School Projects = Parent Projects (Let’s Be Real)

Having a sick kid at home gives me the chance to catch up here. It is probably better than feeding parental paranoia that has me on the internet looking up Ebola, enteroviruses, and last night’s newest discovery, Periodic Fever Syndrome.

Connor’s first grade class celebrated the annual New Mexico state fair by holding different fair-related things in school. For example, one day the kids had to bring in something to exhibit (a favorite collection, a baked good, a craft, etc.). Connor at first wanted to bring in his bottle cap collection. However, seeing that all his caps were from Daddy’s cold brews, I gently suggested he choose something more kid-appropriate. He happily brought in one of many Lego creations.

The biggest project was that they had to make a state fair ride. The instructions were given at least a week or two in advance, but of course I found myself two days beforehand remembering that this massive project was due. In my defense, we had my entire side of the family visiting during that time. Connor had wanted to make something out of marshmallows but being an unprepared, slacker mom, I had none in the house. I put on my best MacGyver thinking cap (minus the mullet) and miraculously came up with an idea using materials we already had in the house. What do we have an endless supply of in the Beckett home (besides beer bottle caps)? Wine corks!

My sister-in-law who was one of the family visiting us during this time was a former national officer of the FFA (Future Farmers of America). State fairs are her thing, and my brother mentioned in passing that they made sure to participate in our state fair here the right way (all the things having to do with agriculture) versus the wrong way (rickety rides that can detract people from the true purpose). Oops. I guess the Beckett family had been doing it the wrong way. Somehow thinking of what to do with an abundance of wine corks and trying to focus on the agricultural aspect combined in my mullet-less MacGyver mind as …. a pony ride!

During this family visit, my Mom was here and performed reparative surgery on Connor’s precious stuffed dinosaur, Baby. Baby had 3 gaping holes that threatened to make him flat as a pancake if all the stuffing escaped. I found a neglected sewing kit in the dark recesses of my closet that I had used that one time I replaced a button back in the Victorian Age. The boys wisely suggested I let Grandma handle the sewing. In other words, they did not trust their beloved stuffed animal in Mama’s incapable hands. MacGyver Mama did remember that there were unused pins in that dusty kit whose likelihood to be used in their intended way had worse odds than the Cubs winning the World Series. What better way to save them from such a wasted fate than make them into pony legs!

Behold: a sewing kit in my house!

Behold: a sewing kit in my house!

Grandma performing sewing surgery on Baby.

Grandma performing surgery on Baby.

My Easter dinner fiasco of 2013 did leave me with a lifetime (for someone like me) supply of kitchen twine that would be perfect for connecting the ponies to the center cork stand. A random handful of paper clips and twisty ties helped make the heads and tails. The lid from a take out container was rescued from our recycling pile to be the top cover with the help of some red construction paper from our art scraps. Cardboard from a box from Costco would be the bottom. After piecing together one sample pony, I showed Connor. He was game, and we went for it. He put it together and was satisfied with his very homemade-looking project. It would never make it on Pinterest in a million years, but for this non-crafty mom, I felt like how MacGyver did after saving lives by diffusing a bomb with only a paper clip: miraculous!

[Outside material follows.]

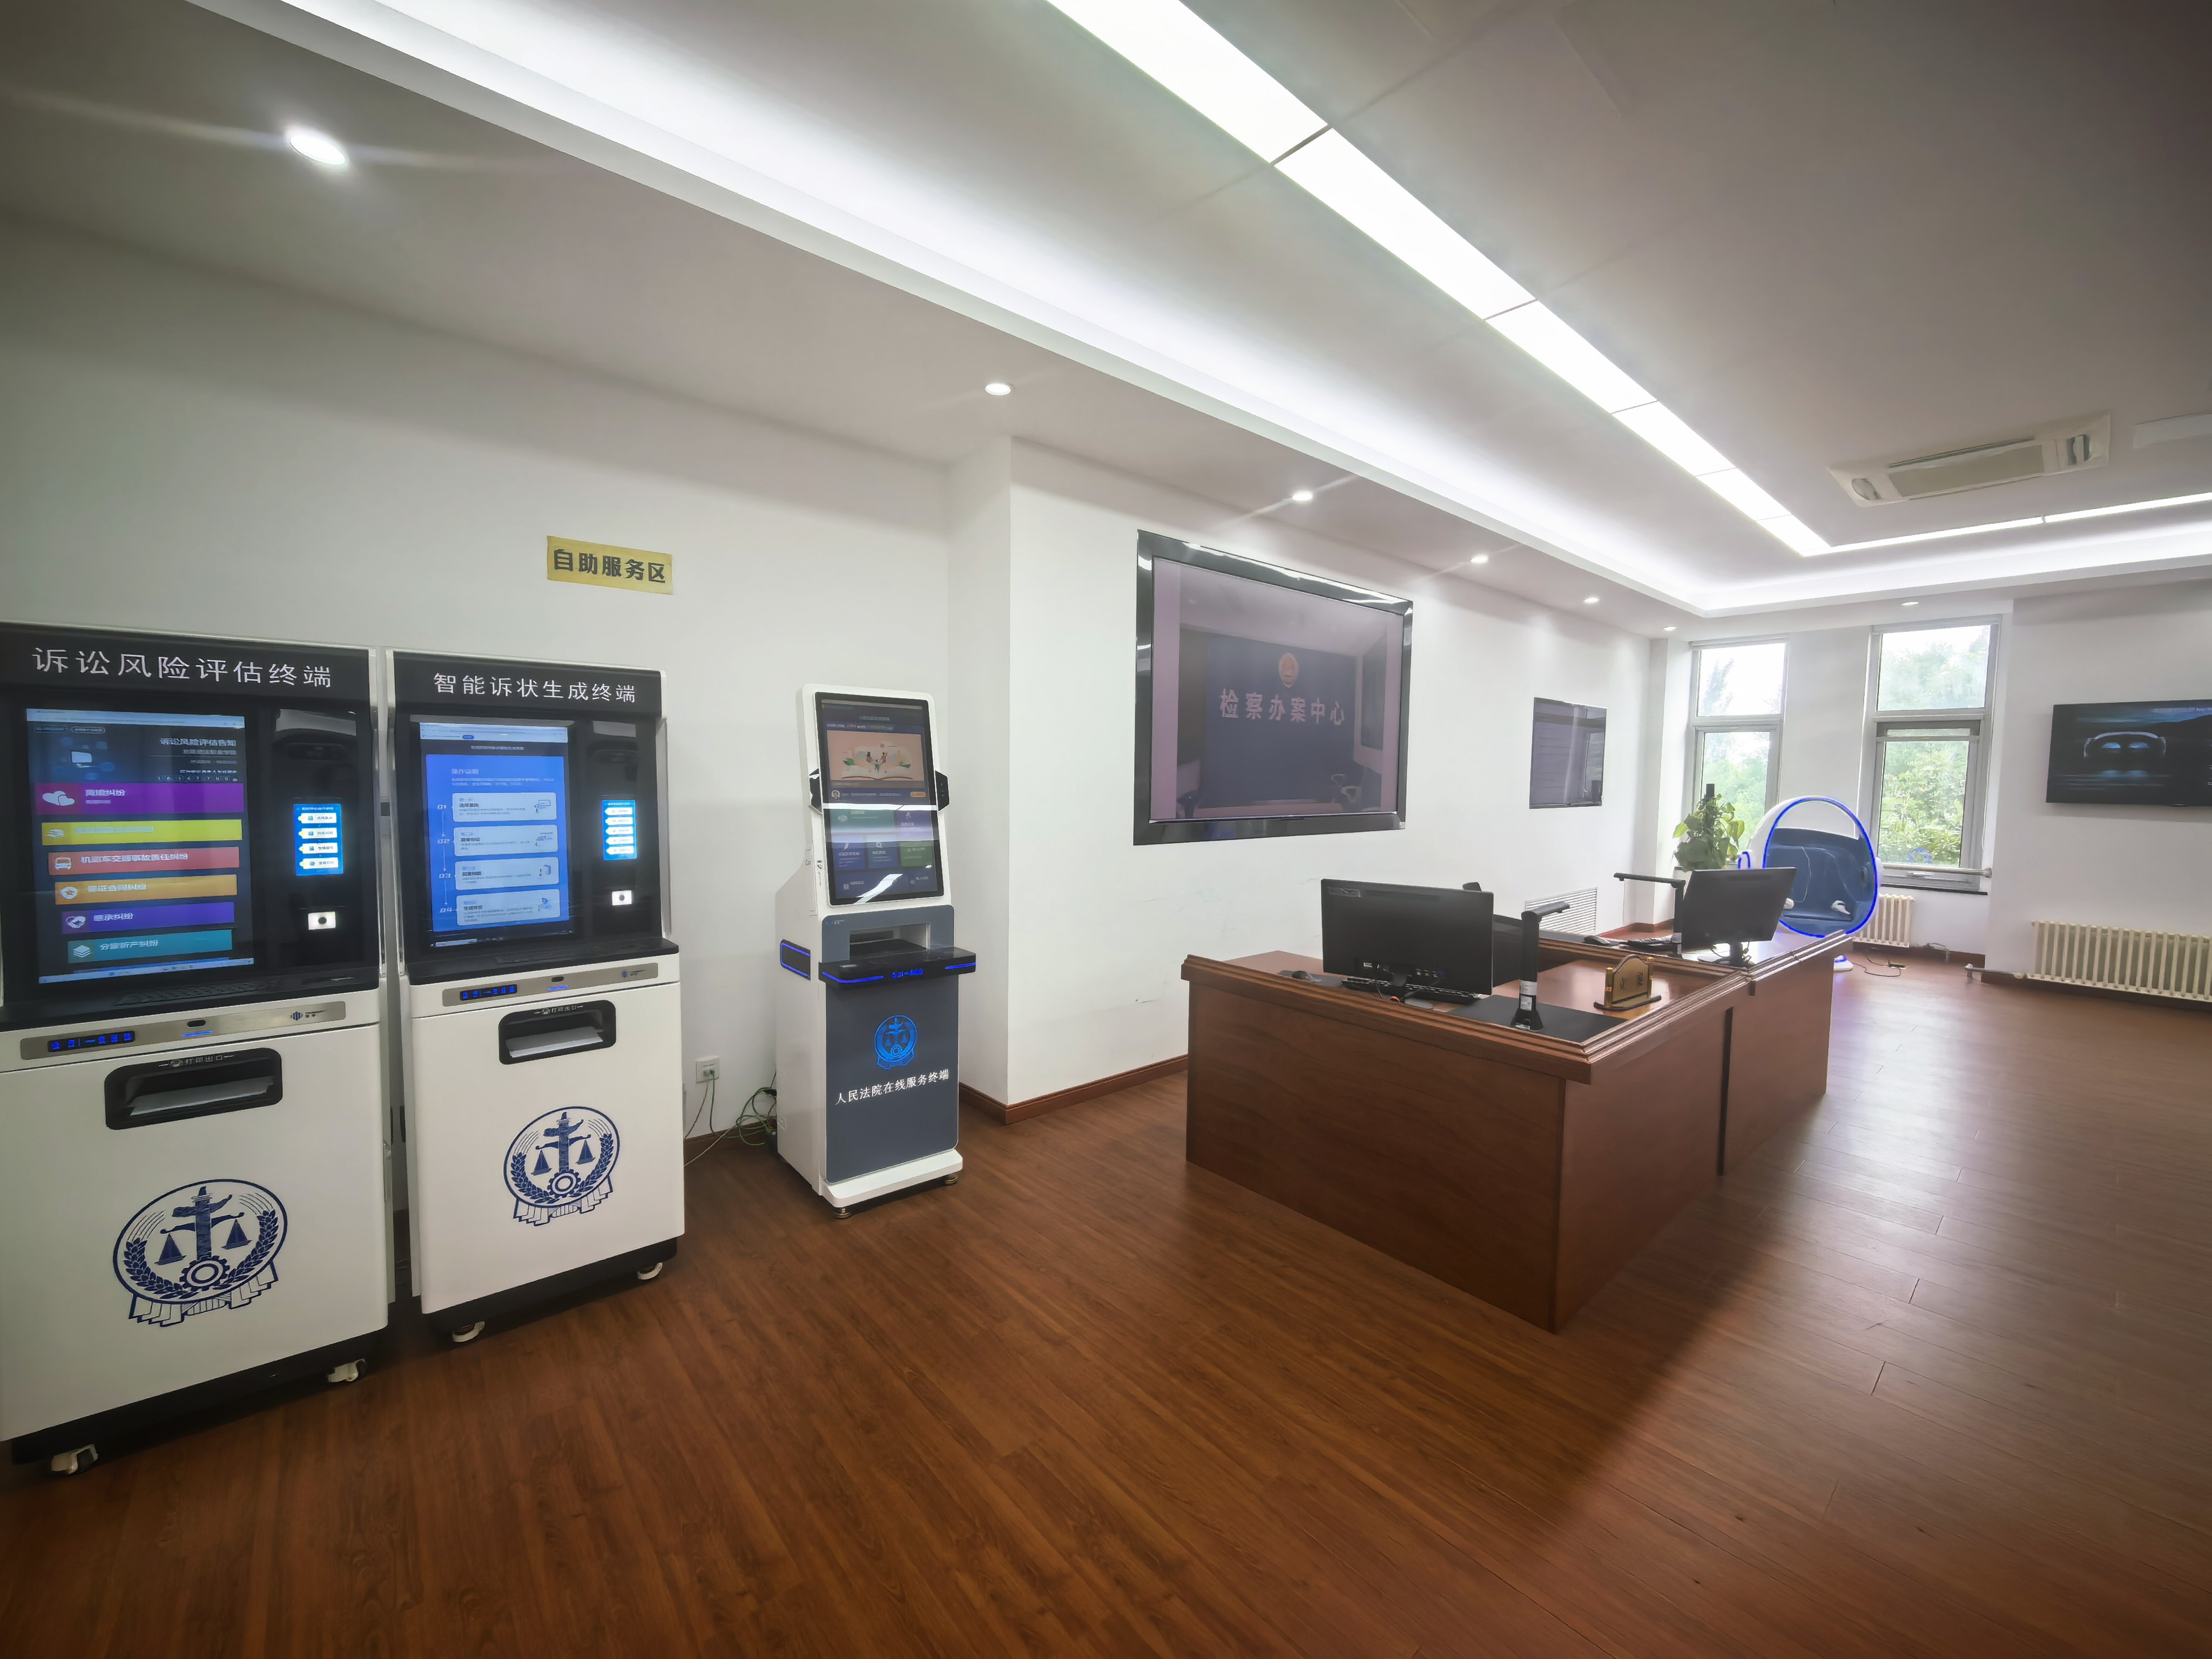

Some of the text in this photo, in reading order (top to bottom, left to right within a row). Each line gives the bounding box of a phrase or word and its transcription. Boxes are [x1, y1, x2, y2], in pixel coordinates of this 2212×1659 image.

How does it work? “A guy screams go and they go.”

Our upcycled project somehow managed to make it to the exhibit time but then shortly after crumbled to the pile of scraps it was meant to be. Just like that our glorious (precarious) creation was demolished in a split second probably when someone sneezed in its general direction. It just made me glad that we did not spend two weeks poking toothpicks into marshmallows to make a magnificent structure worthy of the front page of Parenting magazine. I am also even more impressed with the kids whose fellow homemade-looking projects were truly their own.  The minds of some 6 and 7 year olds put my MacGyver mind to shame! In that sense, these projects are definitely worth the extreme anxiety attacks they induce in Mamas like me. Now we know why there is an endless supply of corks here: school project assignments!